**Activity:** Transcribe the full listing exactly, and drop every picture.

**Task input:**
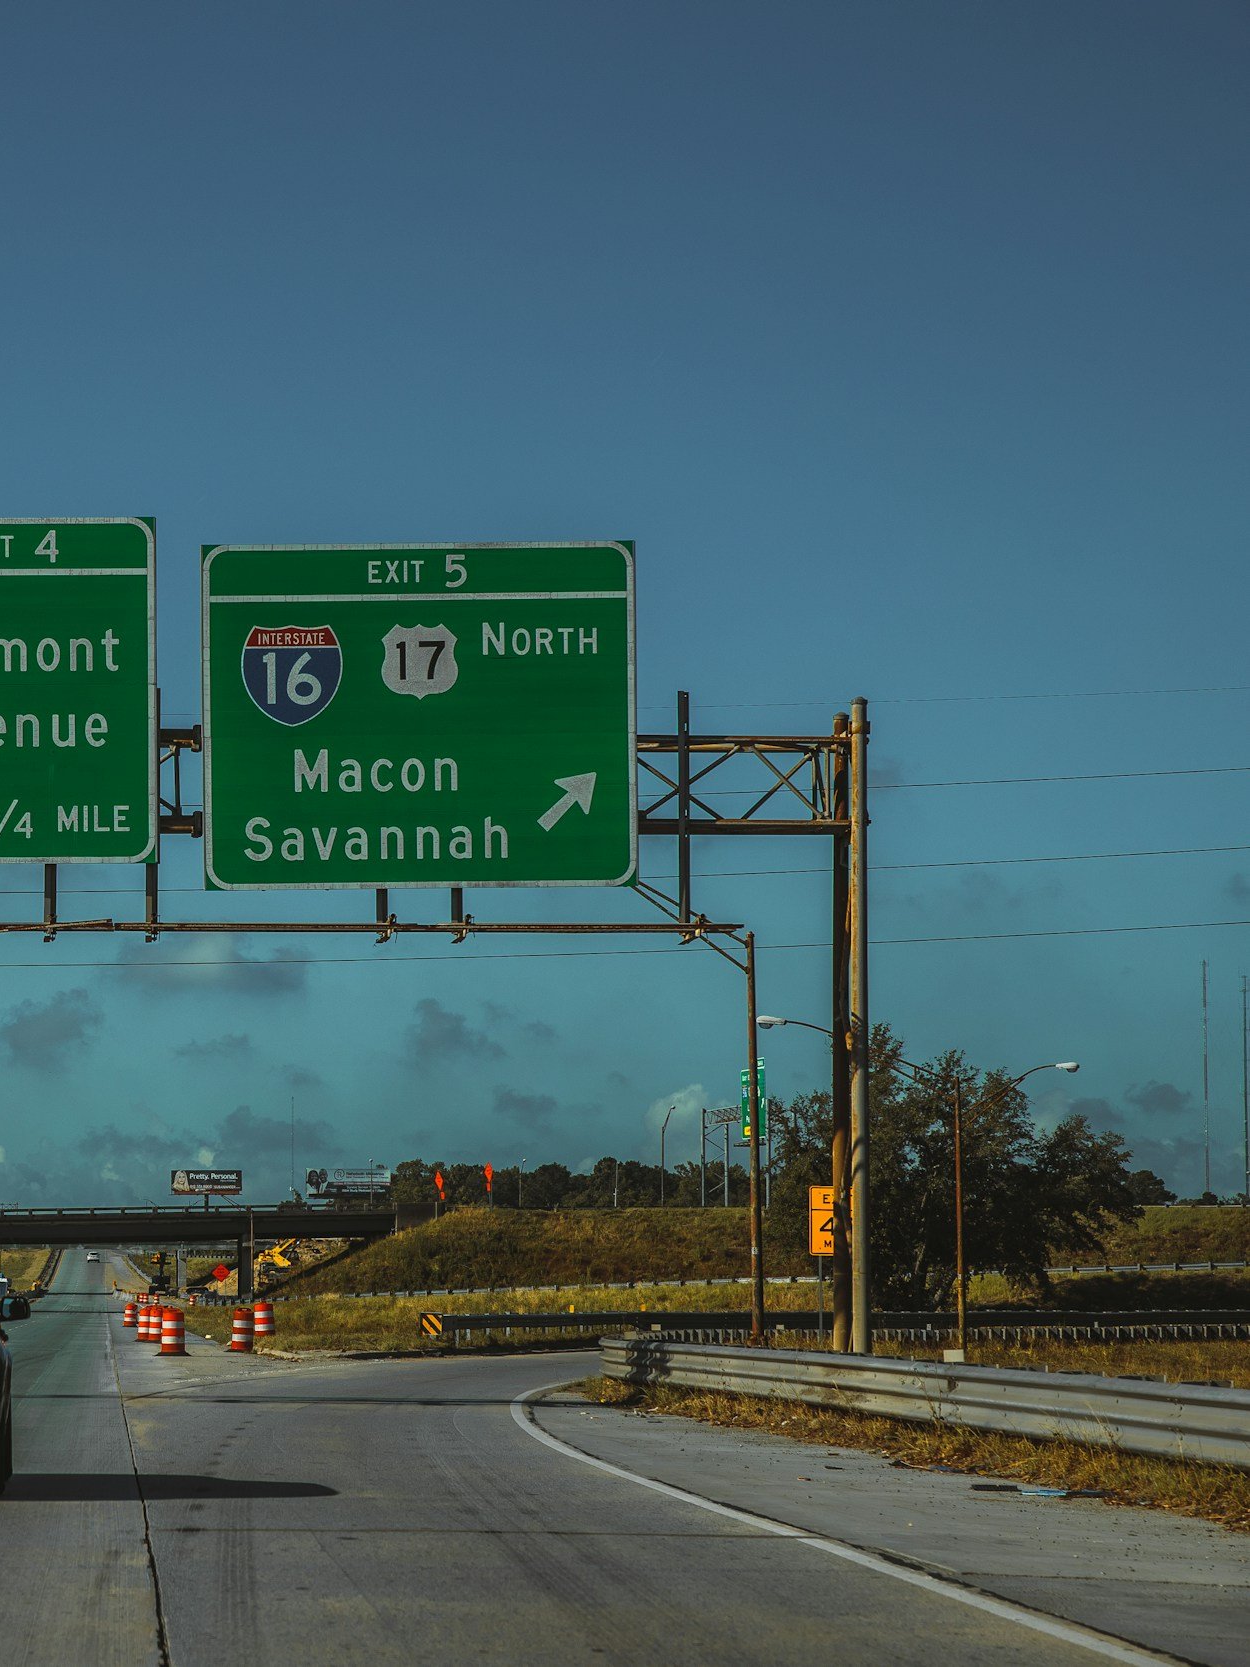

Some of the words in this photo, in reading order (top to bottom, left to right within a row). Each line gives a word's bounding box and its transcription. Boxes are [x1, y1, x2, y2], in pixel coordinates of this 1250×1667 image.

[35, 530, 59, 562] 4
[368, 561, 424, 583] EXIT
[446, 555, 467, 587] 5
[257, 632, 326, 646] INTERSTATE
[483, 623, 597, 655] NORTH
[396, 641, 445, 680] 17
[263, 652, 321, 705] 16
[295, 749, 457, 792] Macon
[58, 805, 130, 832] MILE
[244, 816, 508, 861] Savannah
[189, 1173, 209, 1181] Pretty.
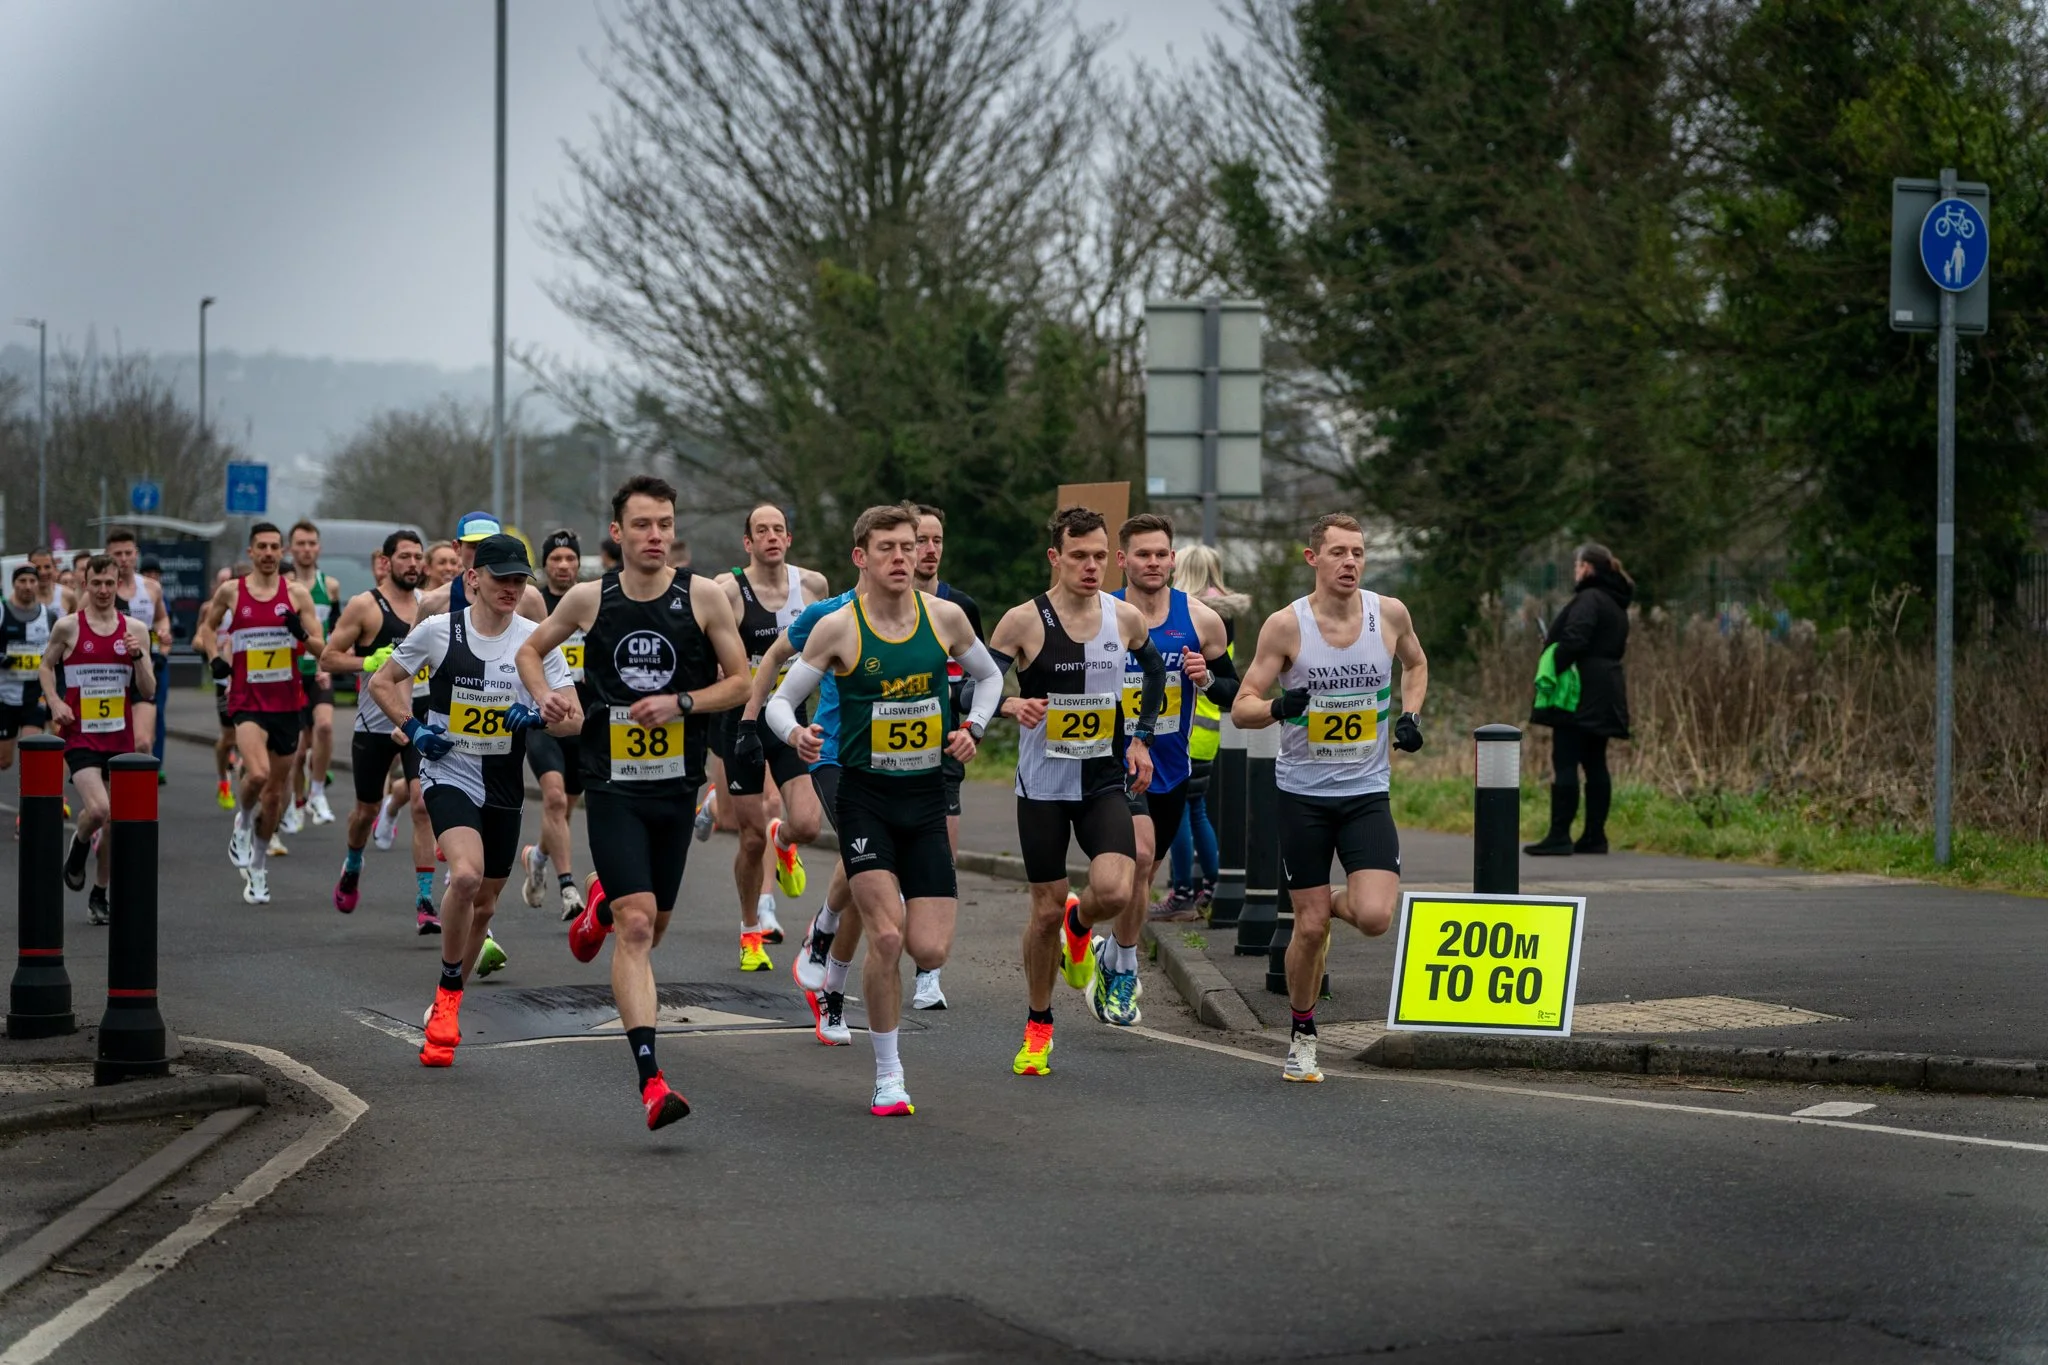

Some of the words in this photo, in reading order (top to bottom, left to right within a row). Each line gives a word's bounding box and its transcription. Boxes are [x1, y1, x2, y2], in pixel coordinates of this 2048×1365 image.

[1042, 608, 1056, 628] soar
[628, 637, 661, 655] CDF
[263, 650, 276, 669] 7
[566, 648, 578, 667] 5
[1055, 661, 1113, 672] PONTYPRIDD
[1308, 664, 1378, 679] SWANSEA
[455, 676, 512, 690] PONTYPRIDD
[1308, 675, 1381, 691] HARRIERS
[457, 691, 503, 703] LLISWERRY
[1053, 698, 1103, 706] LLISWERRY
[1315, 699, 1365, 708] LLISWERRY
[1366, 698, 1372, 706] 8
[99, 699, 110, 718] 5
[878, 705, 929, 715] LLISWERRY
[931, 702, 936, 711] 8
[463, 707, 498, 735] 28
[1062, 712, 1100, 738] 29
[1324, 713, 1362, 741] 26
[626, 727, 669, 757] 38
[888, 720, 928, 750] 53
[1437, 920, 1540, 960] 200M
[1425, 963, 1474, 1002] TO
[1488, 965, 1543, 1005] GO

**Answer box:**
Some of the words in this photo, in reading order (top to bottom, left to right within a row). Each line gives a word's bounding box and its transcription. Boxes are [x1, y1, x2, y2], in pixel coordinates of this 1250×1667 image.

[35, 530, 59, 562] 4
[368, 561, 424, 583] EXIT
[446, 555, 467, 587] 5
[257, 632, 326, 646] INTERSTATE
[483, 623, 597, 655] NORTH
[396, 641, 445, 680] 17
[263, 652, 321, 705] 16
[295, 749, 457, 792] Macon
[58, 805, 130, 832] MILE
[244, 816, 508, 861] Savannah
[189, 1173, 209, 1181] Pretty.

Some of the words in this photo, in reading order (top to bottom, left to right within a row). Each line gives a word's bounding box and its transcription. Boxes are [x1, y1, x2, y2], in pixel coordinates of this 2048×1365 image.

[1042, 608, 1056, 628] soar
[628, 637, 661, 655] CDF
[263, 650, 276, 669] 7
[566, 648, 578, 667] 5
[1055, 661, 1113, 672] PONTYPRIDD
[1308, 664, 1378, 679] SWANSEA
[455, 676, 512, 690] PONTYPRIDD
[1308, 675, 1381, 691] HARRIERS
[457, 691, 503, 703] LLISWERRY
[1053, 698, 1103, 706] LLISWERRY
[1315, 699, 1365, 708] LLISWERRY
[1366, 698, 1372, 706] 8
[99, 699, 110, 718] 5
[878, 705, 929, 715] LLISWERRY
[931, 702, 936, 711] 8
[463, 707, 498, 735] 28
[1062, 712, 1100, 738] 29
[1324, 713, 1362, 741] 26
[626, 727, 669, 757] 38
[888, 720, 928, 750] 53
[1437, 920, 1540, 960] 200M
[1425, 963, 1474, 1002] TO
[1488, 965, 1543, 1005] GO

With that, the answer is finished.